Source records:
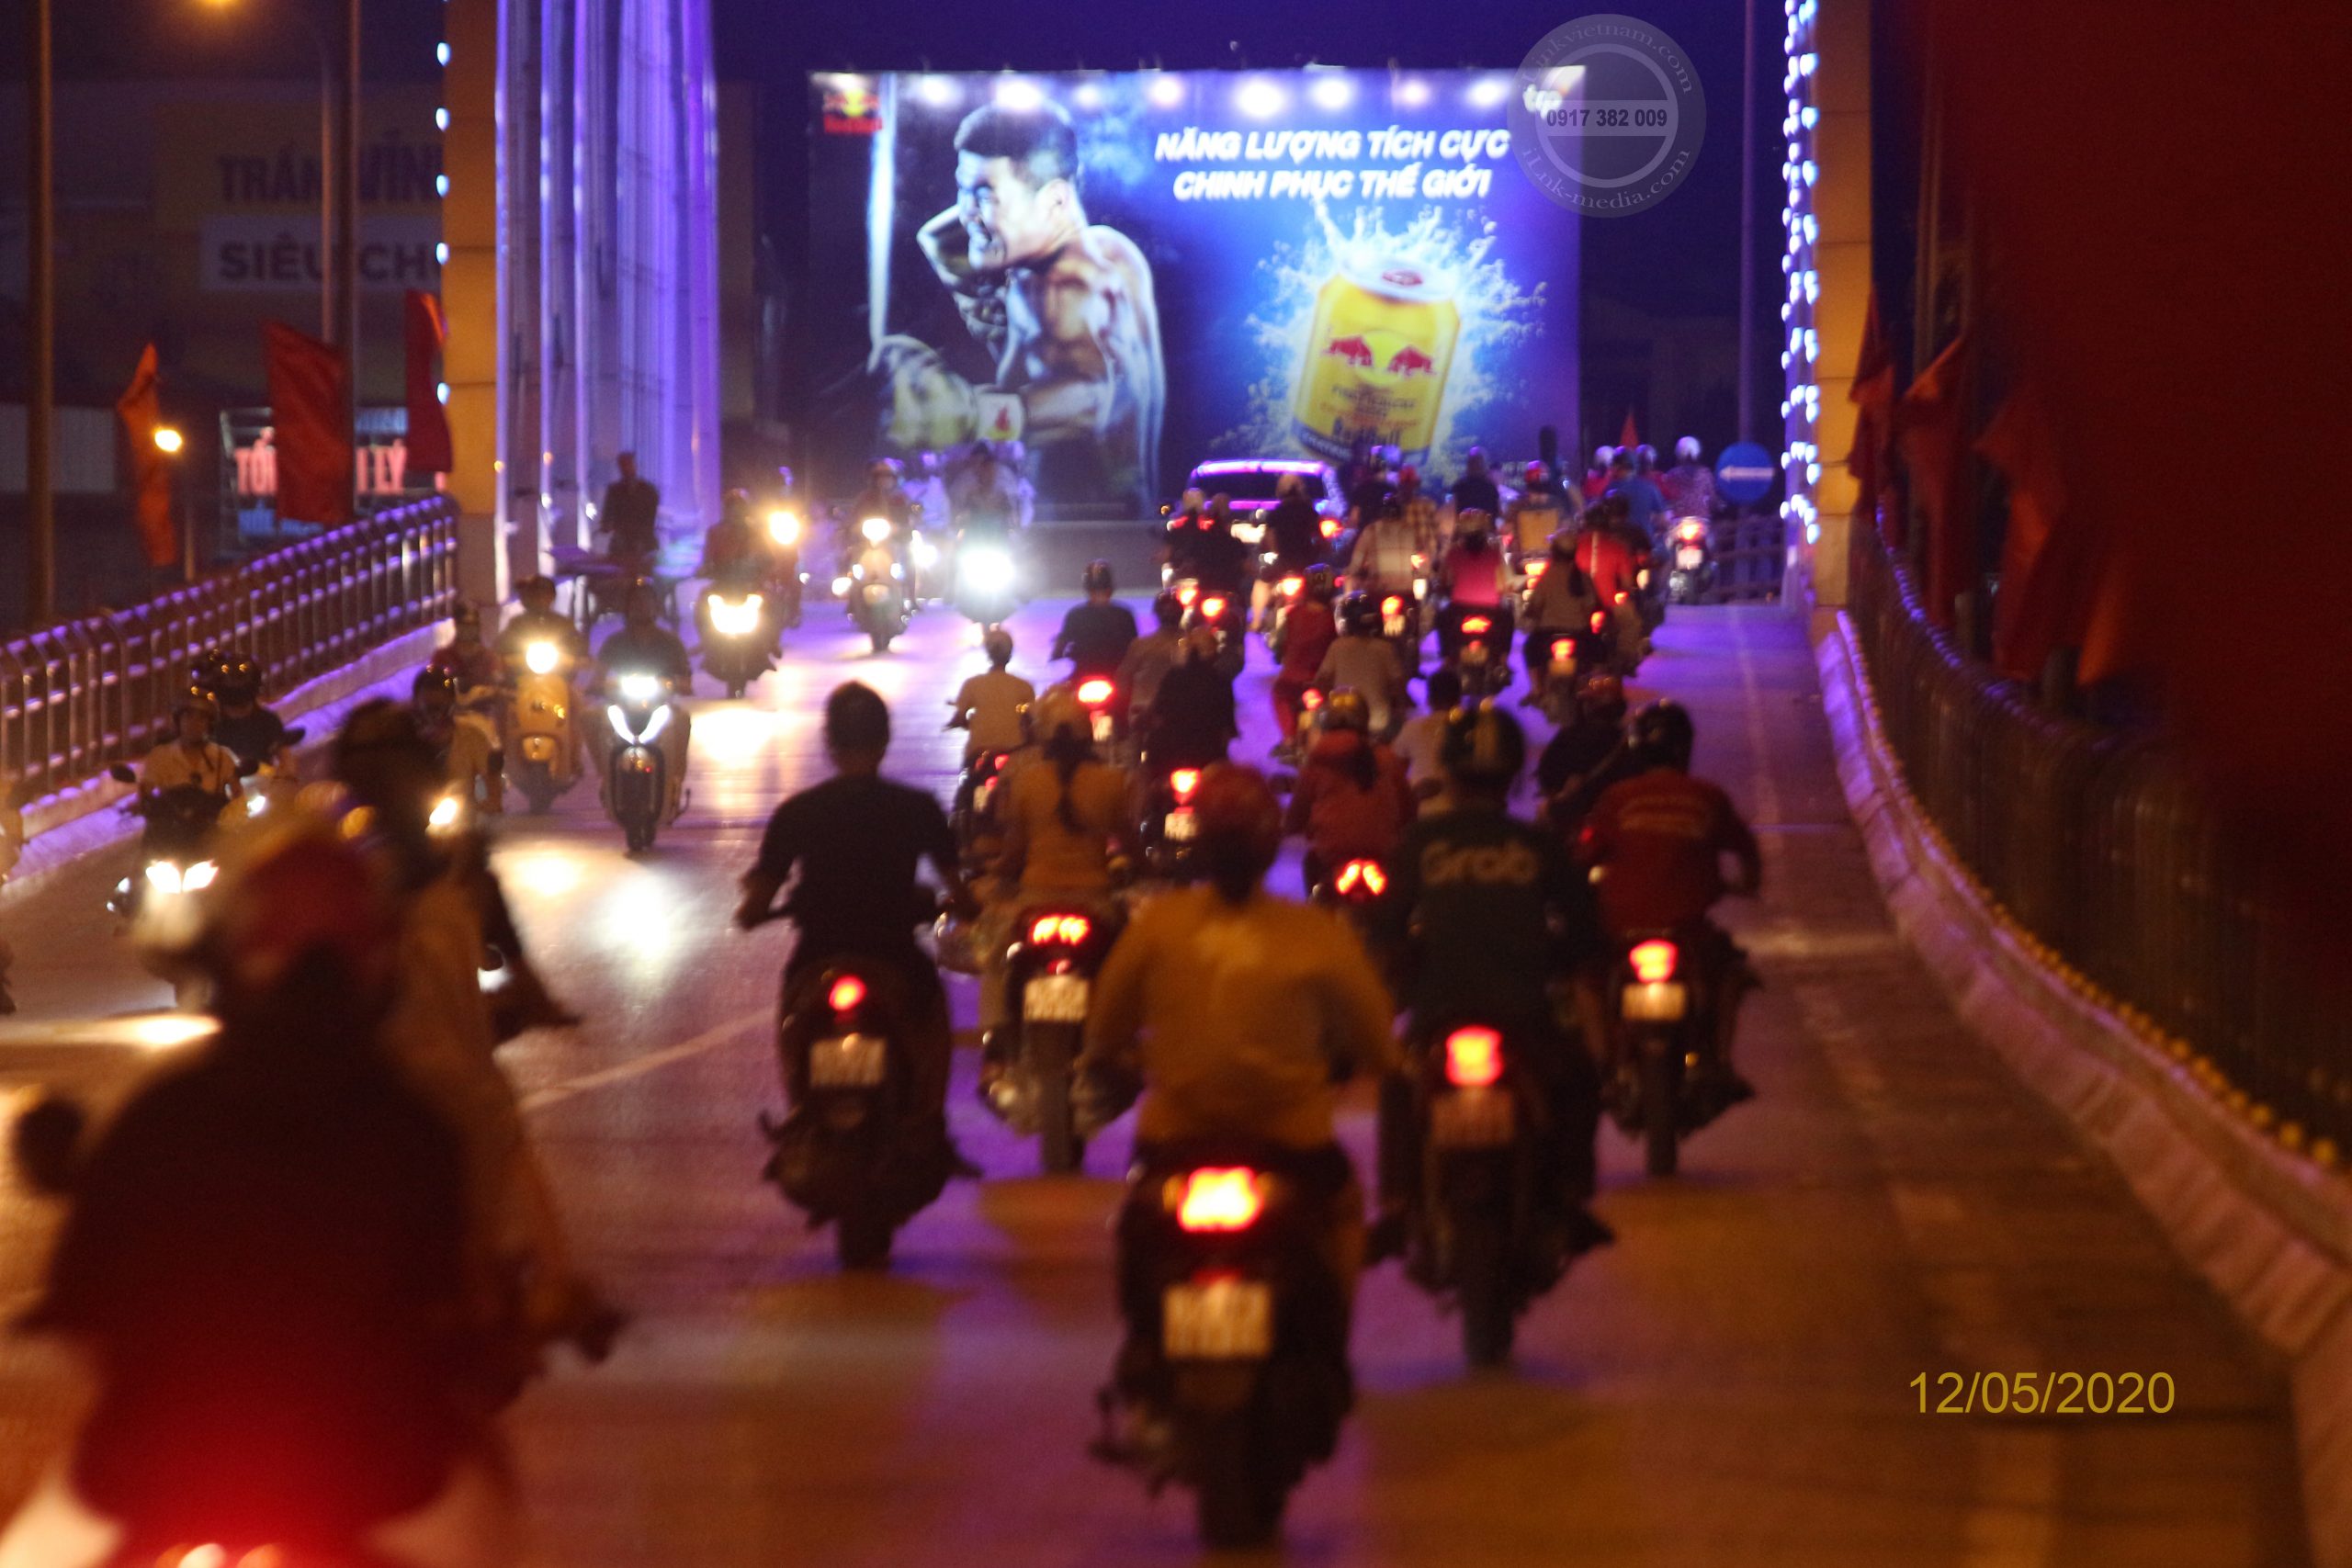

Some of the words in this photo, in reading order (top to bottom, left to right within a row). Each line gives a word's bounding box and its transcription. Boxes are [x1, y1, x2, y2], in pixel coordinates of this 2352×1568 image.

[1154, 127, 1241, 162] NĂNG
[1244, 130, 1362, 164] LƯỢNG
[1367, 125, 1436, 159] TÍCH
[1439, 129, 1511, 164] CỰC
[1172, 170, 1267, 200] CHINH
[1269, 169, 1353, 202] PHỤC
[1359, 162, 1423, 199] THẾ
[1421, 163, 1492, 199] GIỚI
[359, 242, 441, 282] CH
[1421, 839, 1539, 886] Grab

* Goal of the exercise *
Each line of the data needs to be output exactly, with any image excluded.

* Exercise solution *
Some of the words in this photo, in reading order (top to bottom, left to right within a row). Each line gives a word's bounding box and its transcription. Boxes are [x1, y1, x2, y2], in pixel coordinates of this 2352×1568 image.

[1154, 127, 1241, 162] NĂNG
[1244, 130, 1362, 164] LƯỢNG
[1367, 125, 1436, 159] TÍCH
[1439, 129, 1511, 164] CỰC
[1172, 170, 1267, 200] CHINH
[1269, 169, 1353, 202] PHỤC
[1359, 162, 1423, 199] THẾ
[1421, 163, 1492, 199] GIỚI
[359, 242, 441, 282] CH
[1421, 839, 1539, 886] Grab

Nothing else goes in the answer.